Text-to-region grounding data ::

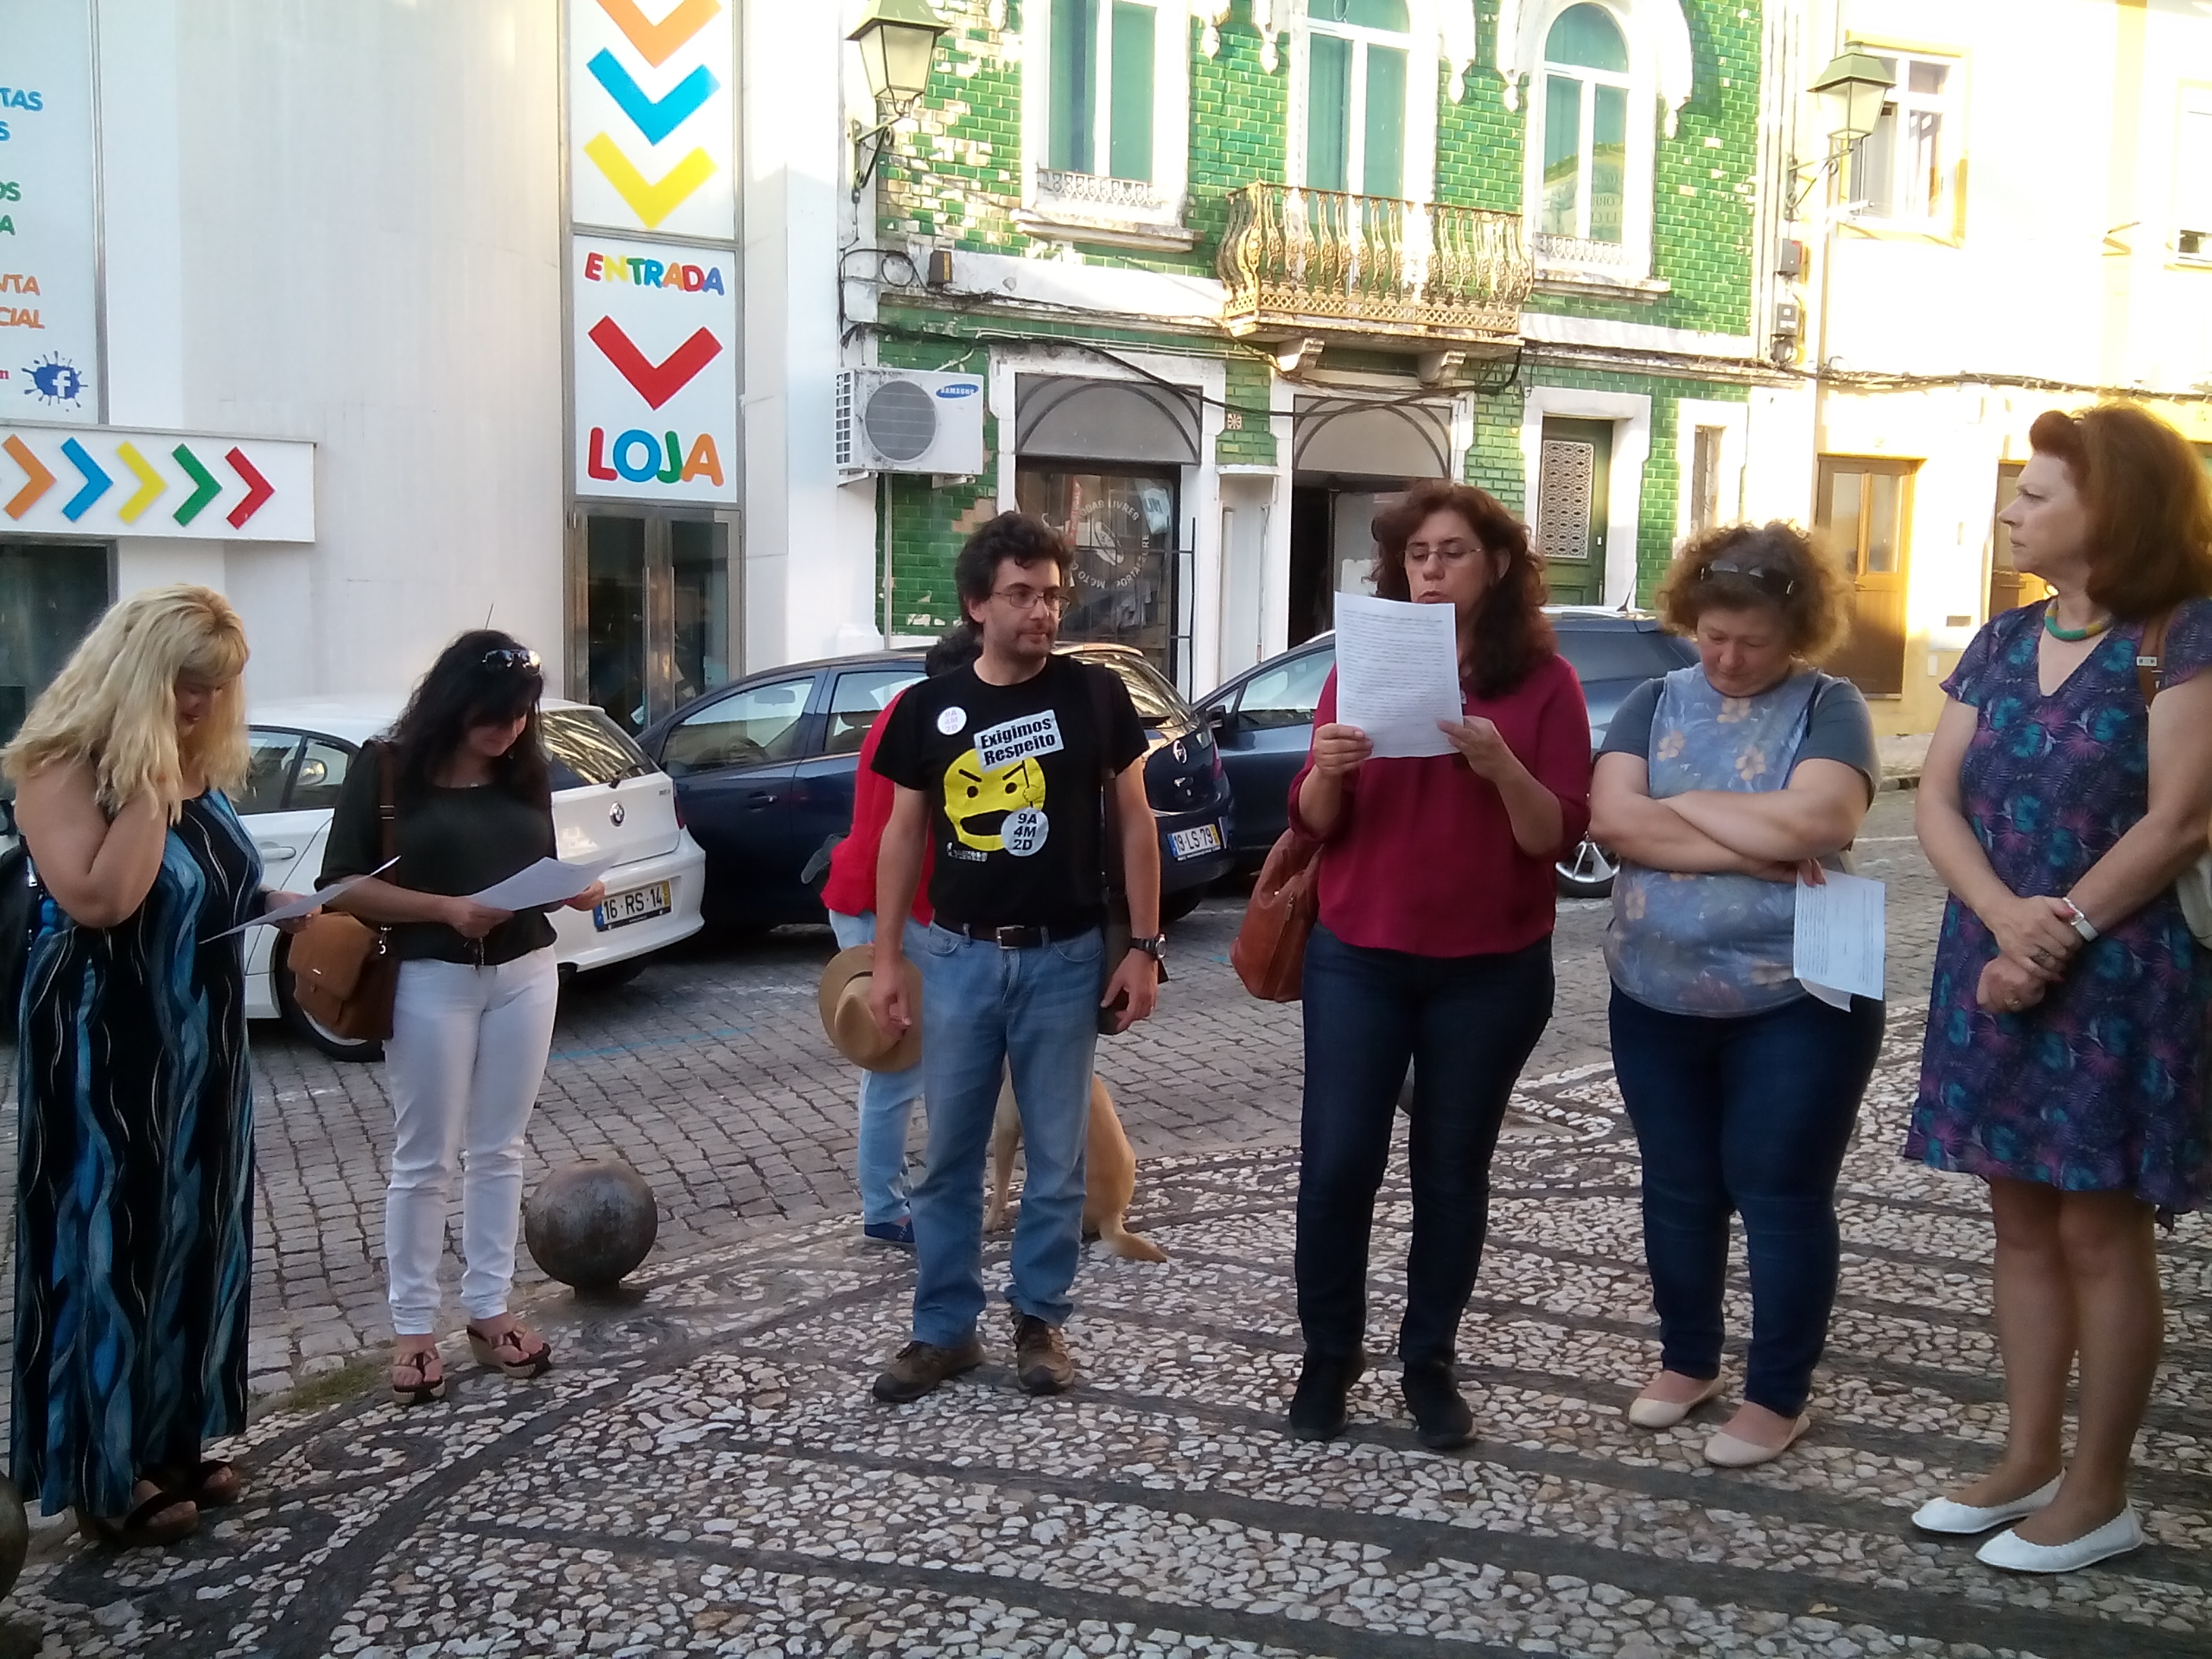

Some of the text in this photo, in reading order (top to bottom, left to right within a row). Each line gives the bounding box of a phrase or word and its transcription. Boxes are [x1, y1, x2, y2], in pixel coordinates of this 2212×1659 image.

[585, 251, 725, 296] ENTRADA
[588, 426, 724, 487] LOJA
[981, 718, 1052, 749] Exigimos
[984, 735, 1055, 766] Respeito
[1014, 826, 1036, 837] 4M
[1018, 813, 1037, 824] 9A
[1013, 839, 1033, 851] 2D

Problem details :: A precise copy of each record, with the images removed, should be output.

Finished exercise ::
Some of the text in this photo, in reading order (top to bottom, left to right within a row). Each line gives the bounding box of a phrase or word and its transcription. Boxes are [x1, y1, x2, y2], in pixel coordinates of this 2212×1659 image.

[585, 251, 725, 296] ENTRADA
[588, 426, 724, 487] LOJA
[981, 718, 1052, 749] Exigimos
[984, 735, 1055, 766] Respeito
[1014, 826, 1036, 837] 4M
[1018, 813, 1037, 824] 9A
[1013, 839, 1033, 851] 2D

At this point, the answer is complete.